Viewing Available Modules
$ module avail
displays a list of all the modules available. The list will look something like:
--- some stuff deleted --- velvet/1.2.10/INTEL-14.0.2 vmatch/2.2.2 ---------------- /usr/local/packages/Modules/modulefiles/admin ----------------- EasyBuild/1.11.1 GCC/4.9.0 INTEL-140-MPICH/3.1.1 EasyBuild/1.13.0 INTEL/14.0.2 INTEL-140-MVAPICH2/2.0 --- some stuff deleted ---
The module names take the form appname/version/compiler, providing the application name, the version, and information about how it was compiled (if needed).

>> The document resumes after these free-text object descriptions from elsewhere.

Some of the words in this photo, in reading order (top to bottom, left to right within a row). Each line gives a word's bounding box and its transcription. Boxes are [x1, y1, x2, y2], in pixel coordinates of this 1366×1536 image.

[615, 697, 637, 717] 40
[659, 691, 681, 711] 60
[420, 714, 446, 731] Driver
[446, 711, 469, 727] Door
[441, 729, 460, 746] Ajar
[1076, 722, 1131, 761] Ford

Besides avail, there are other basic module commands to use for manipulating the environment. These include:
add/load mod1 mod2 ... modn . . . Add modules rm/unload mod1 mod2 ... modn . . Remove modules switch/swap mod . . . . . . . . . Switch or swap one module for another display/show . . . . . . . . . . List modules loaded in the environment avail . . . . . . . . . . . . . . List available module names whatis mod1 mod2 ... modn . . . . Describe listed modules
The -h option to module will list all available commands.
About the Software
Basic Local Alignment Search Tool, or BLAST, is an algorithm
for comparing primary biological sequence information, such as the amino-acid
sequences of different proteins or the nucleotides of DNA sequences. - Homepage: http://blast.ncbi.nlm.nih.gov/
A suite of tools are provided in the BLAST+, such as blastx, blastn, blastp. The command line below is provided by NCBI, which is a blastn search against a database. This command:
blastn -db nt -qurey nt.fsa -out results.out
will run a blastn search of nt.fsa (a nucleotide sequence in FASTA format) against the nt database, printing results to the file results.out.

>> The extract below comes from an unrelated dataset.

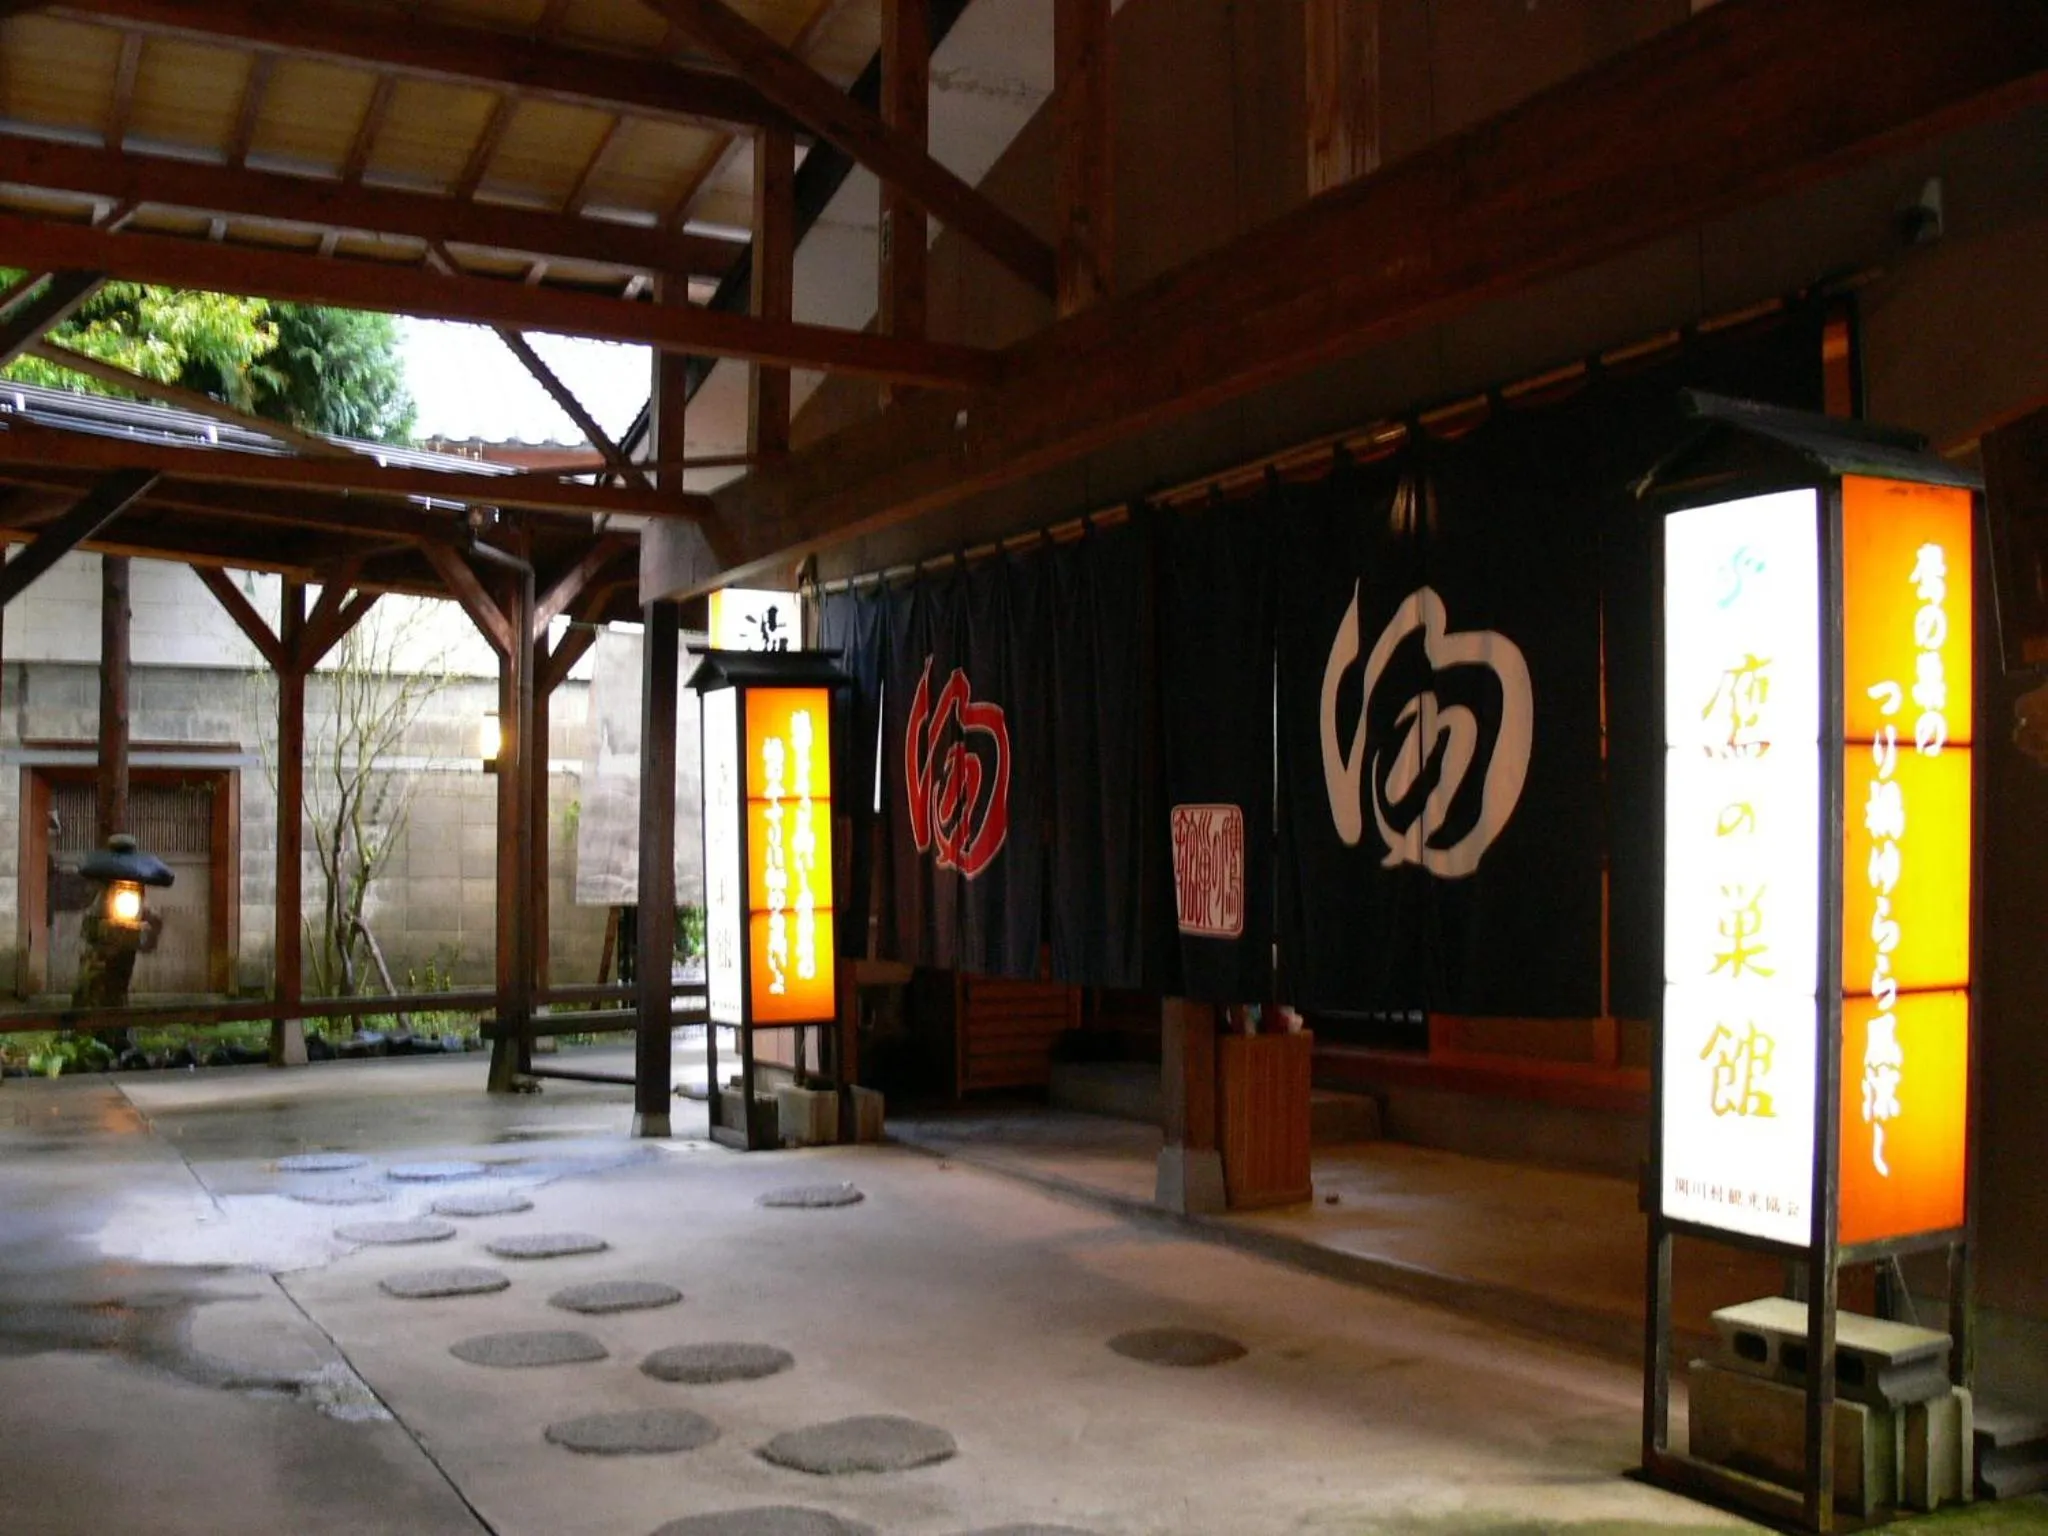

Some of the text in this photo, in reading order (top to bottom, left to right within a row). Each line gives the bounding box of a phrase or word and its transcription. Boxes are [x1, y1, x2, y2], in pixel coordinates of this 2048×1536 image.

[904, 653, 1011, 881] ゆ
[1320, 576, 1534, 881] ゆ
[1700, 652, 1778, 1119] 鷹の巣館

BLAST+ uses an environment variable $BLASTDB to point to the directory where the database is located in. So this environment variable should be specified before running blast commands, see example below:
Example: run blastx search in PBS batch job
This example shows a blastx search of trinity.fasta against the nr database, printing results to the file blastx.out. The nr database files are in the directory /work/ychen64/nr.
#!/bin/bash #PBS -q workq #PBS -l nodes=1:ppn=20 #PBS -l walltime=72:00:00 #PBS -A your_allocation_name export BLASTDB=/work/ychen64/nr blastx -query trinity.fasta -db nr -out blastx.out -num_threads 20
The option -num_threads is used to specify the number of threads (CPUs) in the BLAST search. This number should match the number in "ppn=" in the "#PBS -l nodes=1:ppn=" to fully utilize the CPU power.
Example: create local BLAST database in PBS batch job
The local BLAST database can be created by a perl script called "update_blastdb.pl" included as part of BLAST+. perl is required to run this script. In this example, a nr database is created at /work/ychen64
#!/bin/bash #PBS -q workq #PBS -l nodes=1:ppn=20 #PBS -l walltime=72:00:00 #PBS -A your_allocation_name cd /work/ychen64 # Specify the database name here: export DATABASE=nr mkdir $DATABASE cd $DATABASE update_blastdb.pl --decompress --verbose $DATABASE
It will take a while to create a large local BLAST database, so update_blastdb.pl should be run with the interactive or batch job.
Once the local BLAST database is created, it needs to be updated in a timely manner (every couple of days/weeks months based on your database). Just run the script above again to update the database. The Documentation for the update_blastdb.pl script is available by running the script without any arguments.
- Please don't search against the database on the NCBI BLAST server (i.e. using "-remote" option), especially for the large case. Search against local BLAST database only.
- Please only use one compute node to run BLAST job. The parallel search technique provided by BLAST+ is based on the thread parallelism , so it cannot be used on the multiple nodes.
- On the cluster with SLURM job scheduler (rather than PBS), use #SBATCH -c to specify the number of threads per process in the SLURM directives. Skip #SBATCH -n in the SLURM directives.
- The BLAST Home Page provides links to protein and genomic data sets, as well as information on specific tools.
Last modified: September 10 2020 17:18:38.